We were blessed to have the opportunity to go and visit my brother Joel this past Thursday.  It was so good to spend some time with him.  My parents were there with Erik and I, and we had the chance to lay hands on Joel and pray over him.  It was a very powerful time.  And there were also some funny moments.  You see, Joel is a goofy guy and has a great sense of humor.  That comes in handy during moments of extreme pain.  As we walked with him through the hallways of his hospital, he had his little i_P_od in hand and he played us some new tunes that he had downloaded.  People were trying to figure out where the songs were coming from.  Only Joel could get away with playing his tunes in the hallways of the hospital!  It was fun and it made all of us smile. :)  He had his landmarks on the walk, including the different water fountains and the different statues.  (He even touched one statue for good luck!  That's my brother!  Funny.)  And he greeted people as he passed them too - he is a very friendly guy, and his kind spirit is contagious.  I'm so proud of him.  And my heart hurts to see him aching, literally aching in his physical body.  He was in a ton of pain that day, and no pain medicine could touch his pain.  How I wish I could have taken the pain from him.

I just spoke to Joel tonight.  He seemed to be in good spirits.  And he told me that he is set to have a CT scan tomorrow at the hospital.  We would love your prayers for my brother and for this new CT.

We know that He is in control.  The Lord is on His throne, always.  He is with Joel.  And He is with us.

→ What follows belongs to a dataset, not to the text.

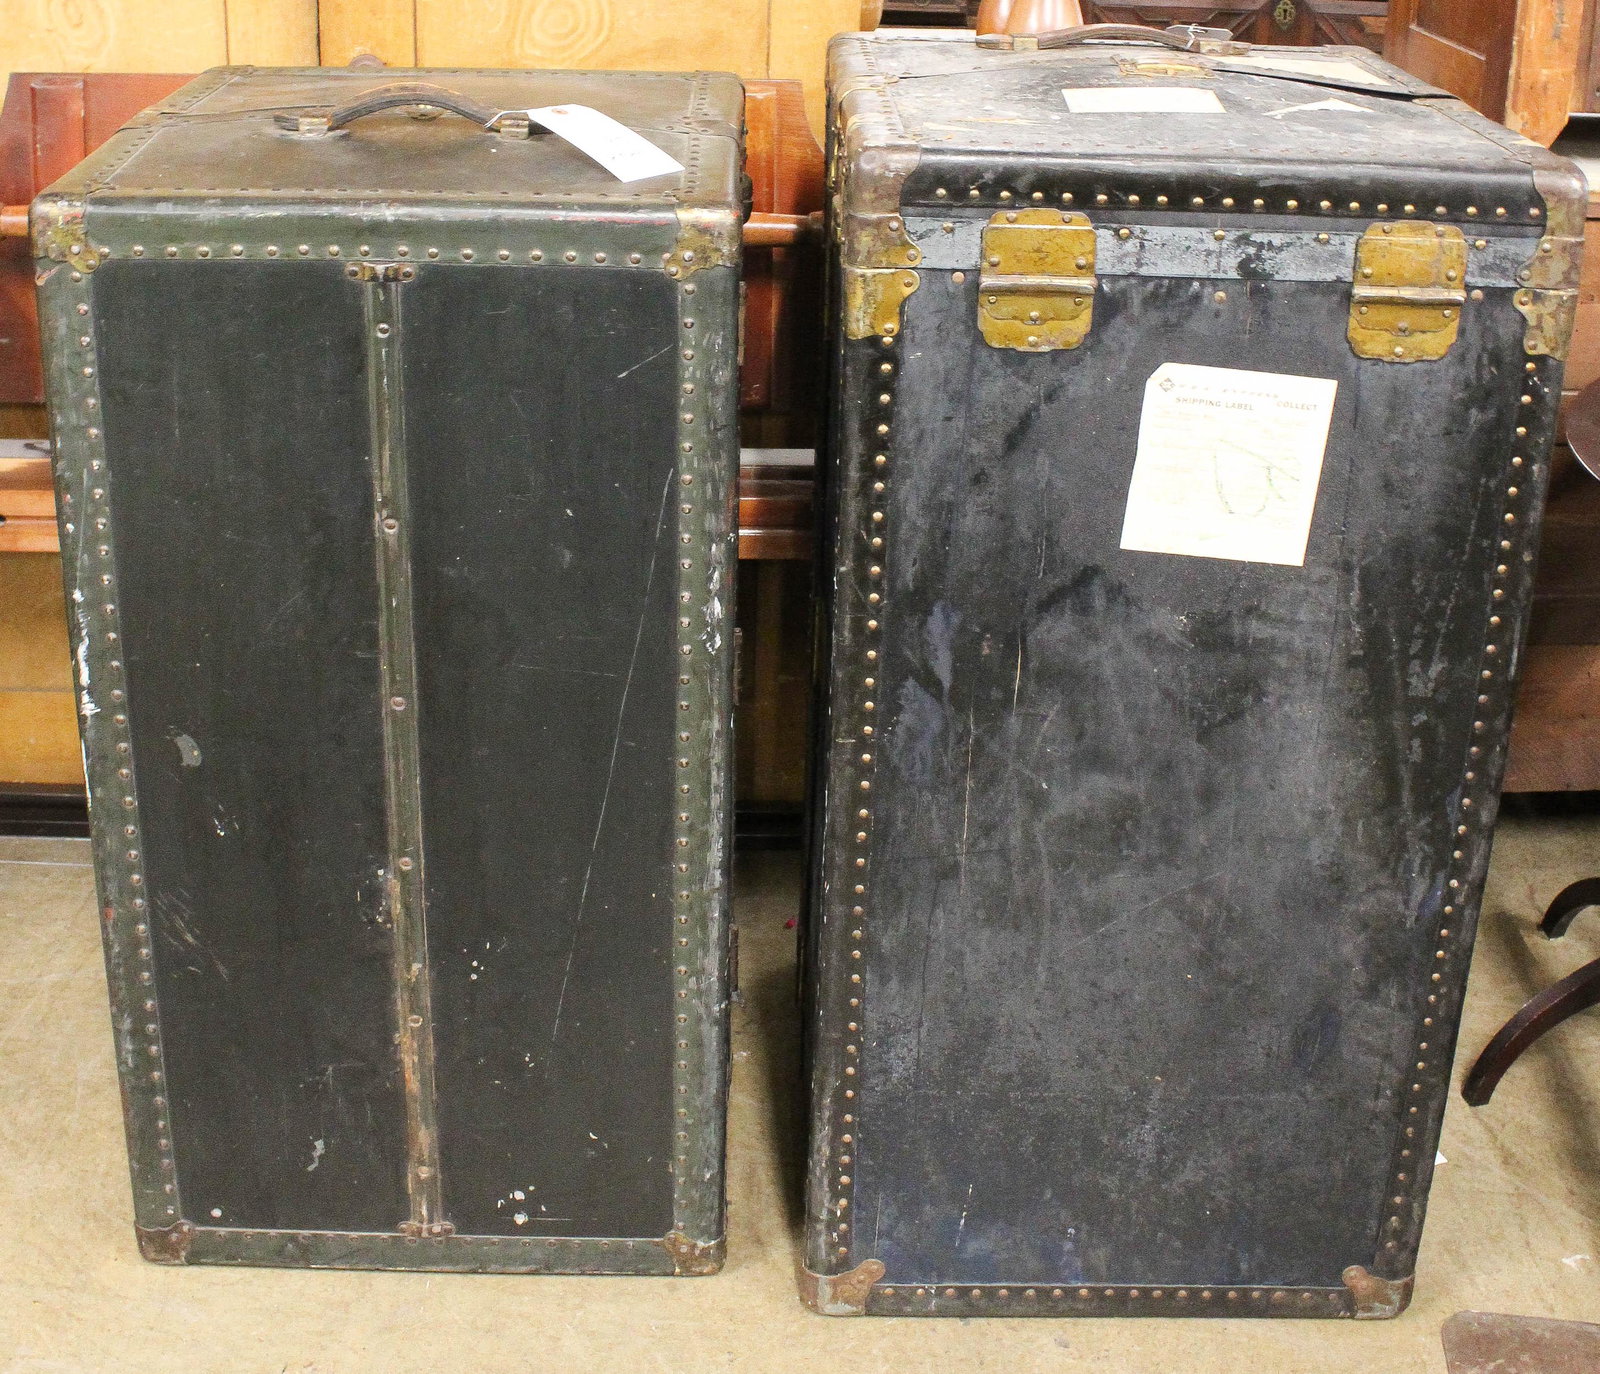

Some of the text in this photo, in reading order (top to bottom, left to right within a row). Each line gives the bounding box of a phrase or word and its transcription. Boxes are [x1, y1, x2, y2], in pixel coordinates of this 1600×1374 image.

[1175, 396, 1255, 412] SHIPPING LABEL
[1276, 400, 1318, 411] COLLECT

I hope that you had a blessed Mother's Day.  It was bittersweet, to say the least.  I will write more about that later...

Blessings to you,
Love,
Melody

Wednesday, May 9, 2012

Not Able To Draw...

Today at my MO_PS group, our speaker talked about planning how we want our family to be and how we want it to look.  She was coming at it more from a spiritual perspective and did a great job reminding us of the importance to include our faith in the day to day of raising our kids.  She shared how special it was that her parents quoted scripture a lot in reference to different situations that would arise, and how she still today remembers those scriptures readily because she heard them so many times.  My parents did a good job of that as well.  Thanks, Mom and Dad.  You definitely helped implant many verses into my brain.  The one that really stands out in my mind is "children obey your parents, for this is right."  Ah yes, the times of not wanting to obey were many!  And now, as a parent myself, I understand why they kept telling me that verse and why they wanted me to remember it!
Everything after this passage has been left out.